The Shape of Water (2017) - Why'd they give that fish such a great butt? Best Picture thoughts

It's so much easier to write about bad films than good ones. I am overflowing with thoughts to share about the most memorably awful movies I watched on my trip - I really, really want to talk about Geostorm - but there's very little I can say about Guillermo del Toro's newly Oscar winning film about a woman who falls in love with a fish man that has not already been said. You don't need me to tell you that del Toro makes beautiful movies, or that the creature creation in this (though no Pan's Labyrinth) is spectacular. You don't need me to tell you that the visual effects in this are phenomenal, or that the music is wonderful, or that it transported me to another world. If you're looking for reviews of The Shape of Water at this point in 2018, what you need me to tell you is that a movie featuring not only boning down with a fish-man but also a female masturbation scene and a disabled woman finding her agency. If the main playing field of this blog is feminist and LGBT discussion of film in a more casual arena than my university ramblings, then that I will deliver.

I spent a lot of The Shape of Water catching my breath and then catching it again. Initially, it was a superficial thing: I got caught up in the beauty of the piece. Of course, like with any movie, it made me think. I started thinking about the trend in Hollywood of rewarding people for playing disabled. We shouldn't be avoiding those stories, but we also need people in Hollywood for whom disability is a reality rather than a costume. I don't need to write another article about the phenomenon of "cripping up" - Sara Novic wrote an excellent piece about it in respect to this specific movie here. As someone who lives with a very different kind of disability, it didn't occur to me to consider the fluency of Hawkins' ASL, for instance.
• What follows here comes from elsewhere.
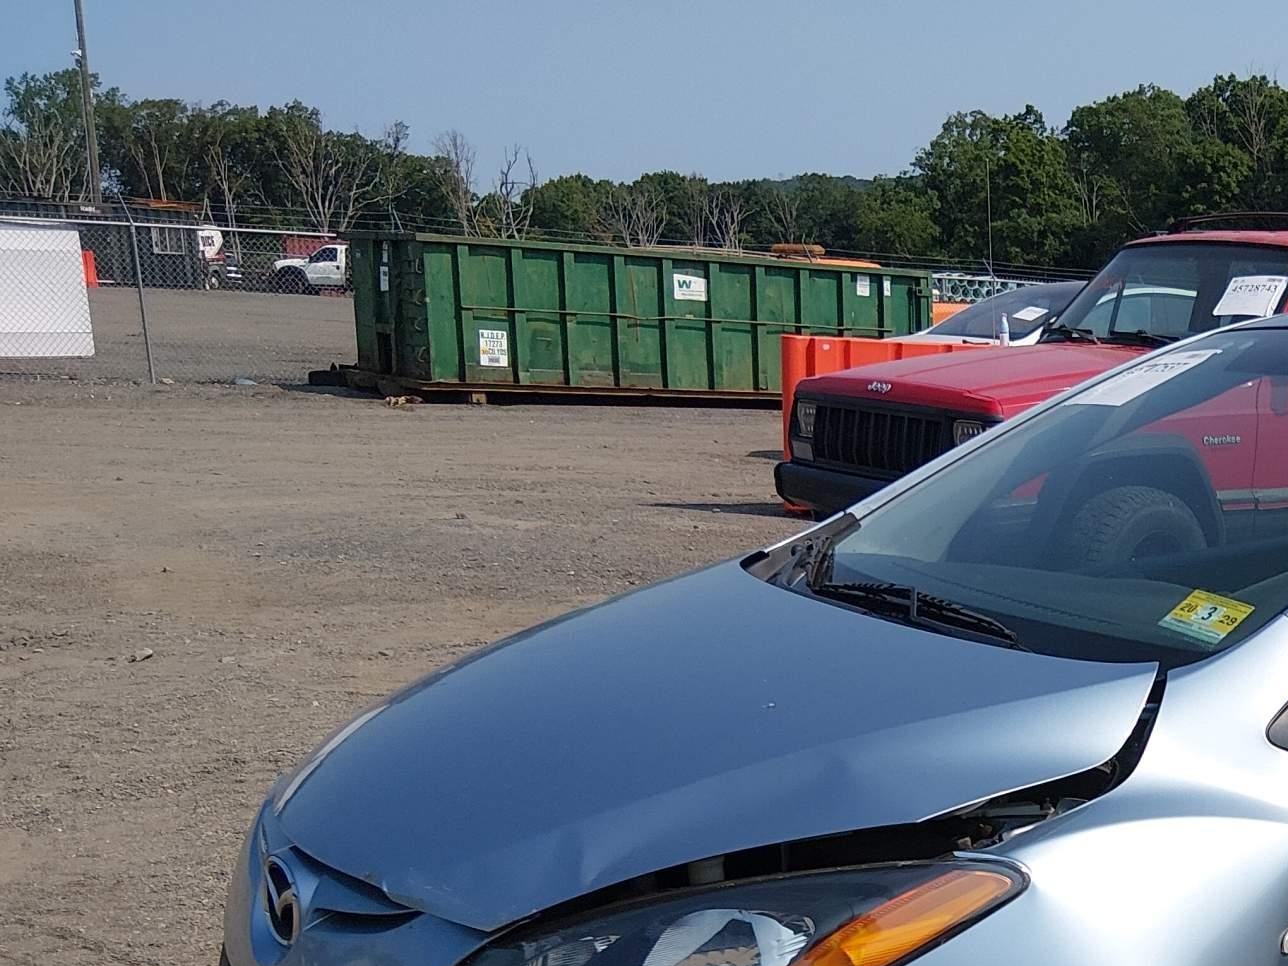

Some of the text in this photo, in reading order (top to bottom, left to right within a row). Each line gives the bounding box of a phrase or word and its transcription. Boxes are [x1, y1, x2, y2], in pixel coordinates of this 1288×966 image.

[1202, 435, 1241, 446] Cherokee
[1180, 602, 1238, 627] 20 3 29
It is an all too familiar feeling, though, to watch someone shrug on the outfit of something you battle with, only to be able to take it off again and be lauded with praise for it. While Hawkins plays the emotional beats of her role with aplomb, it was incredibly difficult for me to shake that underlying discomfort.
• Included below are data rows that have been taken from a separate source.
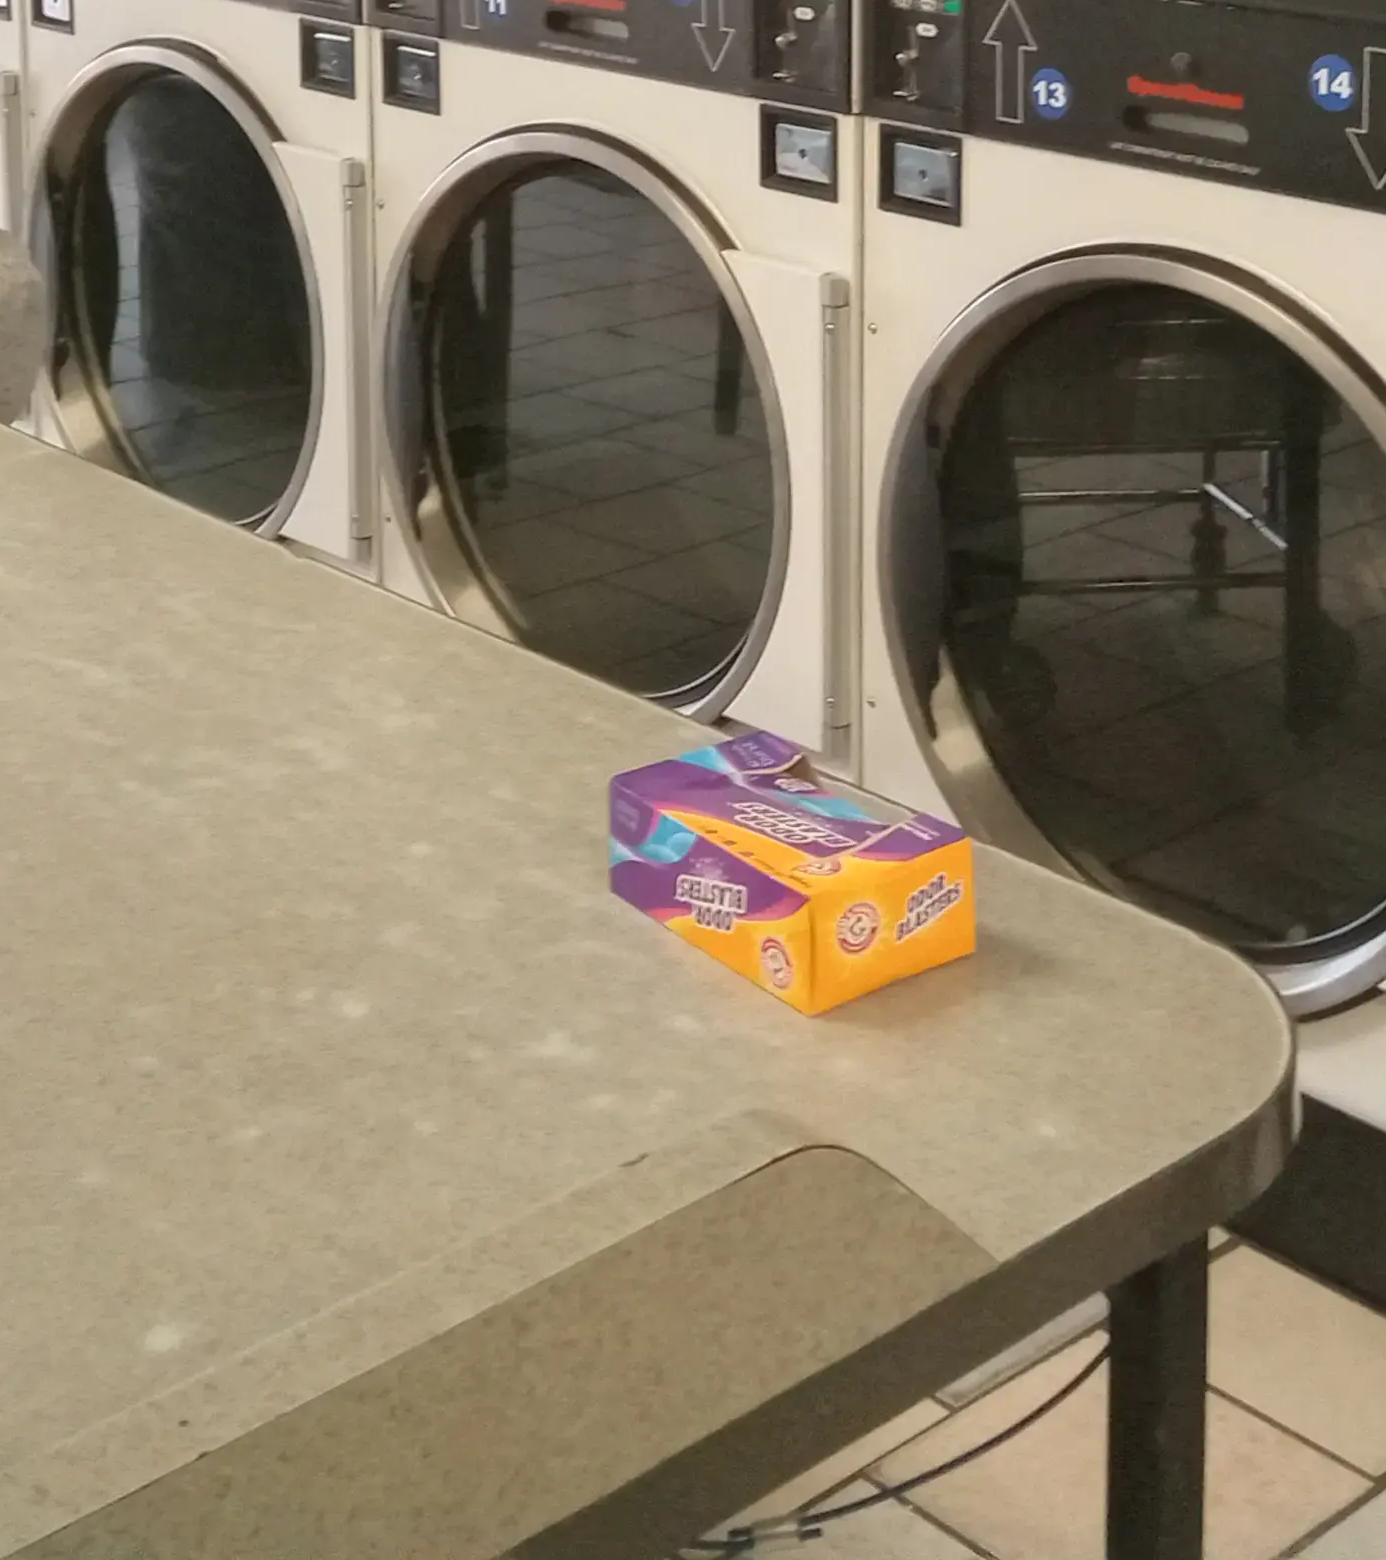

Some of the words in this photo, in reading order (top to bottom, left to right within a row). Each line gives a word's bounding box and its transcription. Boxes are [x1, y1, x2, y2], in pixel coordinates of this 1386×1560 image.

[1033, 80, 1068, 109] 13
[1312, 67, 1353, 100] 14
[735, 815, 811, 842] ODOR
[907, 872, 946, 914] ODOR
[694, 905, 733, 931] ODOR
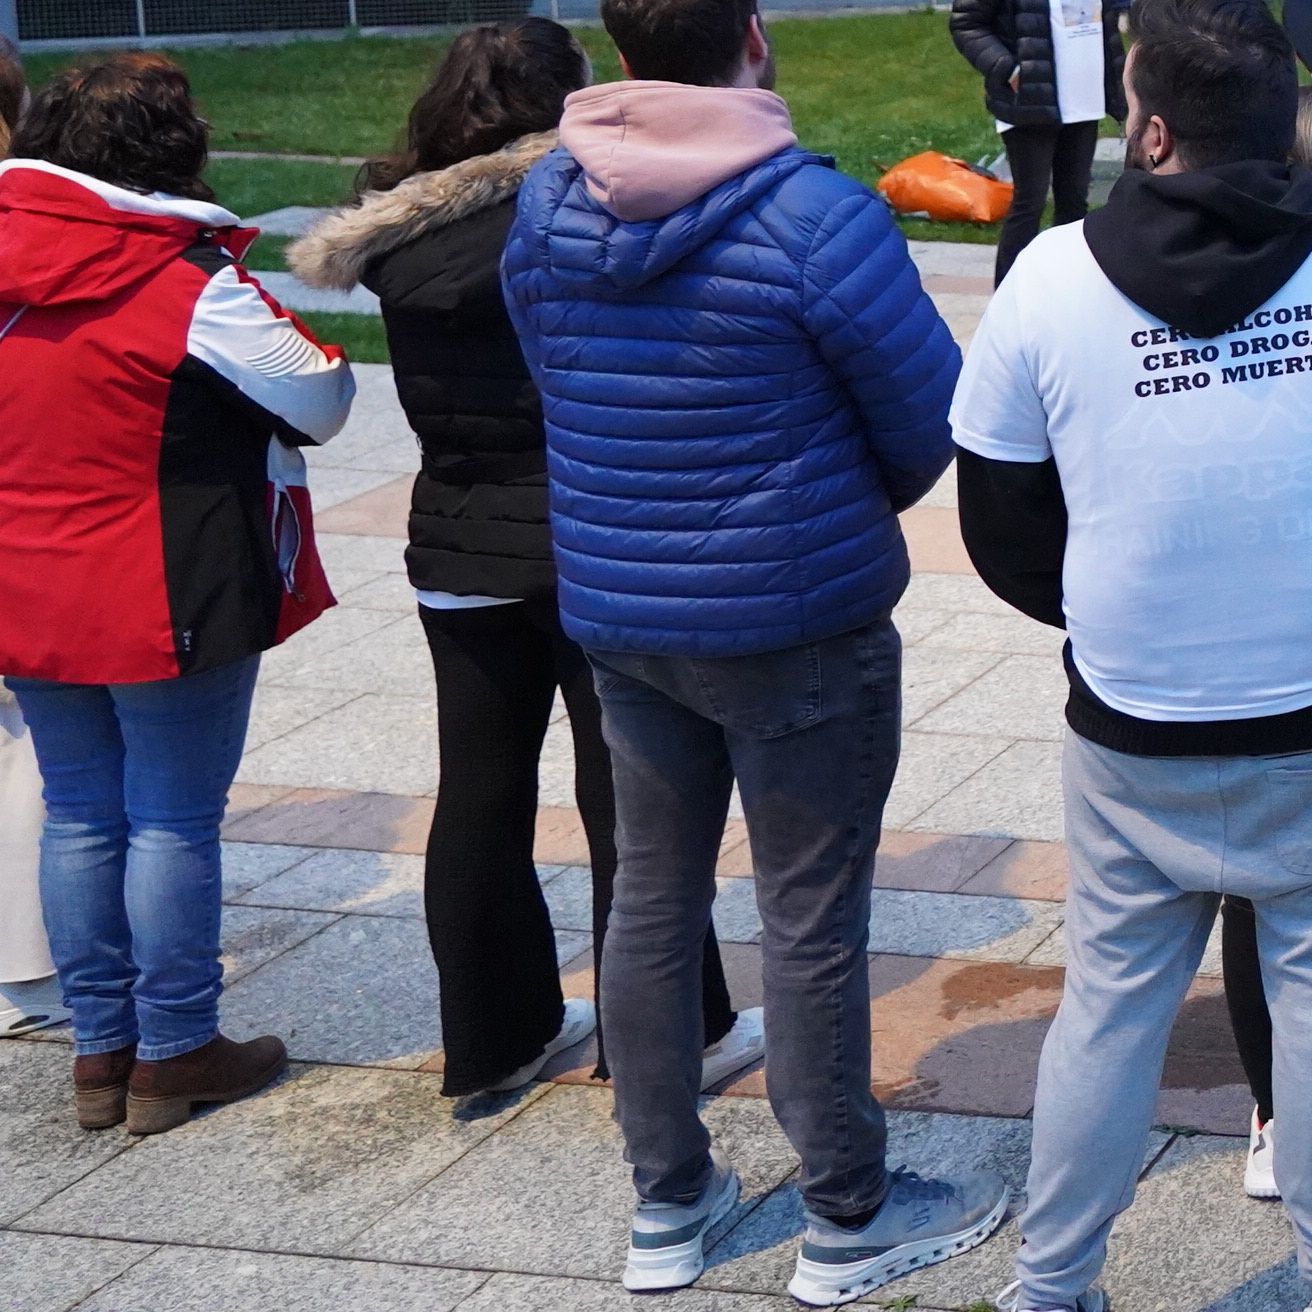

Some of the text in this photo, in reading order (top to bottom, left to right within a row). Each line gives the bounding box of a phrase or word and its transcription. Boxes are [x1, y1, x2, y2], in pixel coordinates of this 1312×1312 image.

My god, but if Hollywood didn't suck, this movie would be truly brilliant. It hinges itself on the empowerment of a women who literally embodies voicelessness. I forever wish women weren't metaphors in movies, but that's a consistent complaint. Her love interest is another species, a fish man who has been given a bizarrely good butt, exists as an outsider in every respect. We're clearly supposed to be reading an allegory of race and otherness where bonds are forged over shared difference. I prefer my commentary a little more on the nose, a little more Get Out, but I got what this was going for. It has a unifying villain, which every good allegory needs, and some truly intense moments involving that character, played by Michael Shannon. 

And look: for all of its faults, it is good to see del Toro win his Oscar. He might be a little bit of an ascended fanboy, but he makes a polished movie. The Shape of Water feels like a complete experience, and I wasn't rewriting it in my head or taken out of it every ten minutes to re-assess the situation. I might not have been a big fan of how things wrapped up, especially when compared to the rest of the movie, but I begrudgingly understood why they were that way.

I wish I didn't have to set disability aside. I wish I didn't have to consider a movie apart from those things. I wish I wasn't another force of evil, adding "but it was a good movie" into the fire. In truth, though, I've learned not to expect much. I can add in comments that ASL should be given as much language coaching as an intensive accent or any other skill. I wish I was more.

Rating: 8/10 - When I initially watched this movie, I had it at a solid 9. But the more I mellowed on it, as a woman and as a disabled woman, I cannot pick and choose when to get annoyed by the use of disability as a costume. If I'm angry at it sometimes, I can't disregard it when the disability is no longer mine. If you're playing someone who's been deaf since childhood, you should sign as though that's the case; if you're playing a woman who wants to fuck a fish man then I should feel that. And for the most part, I did.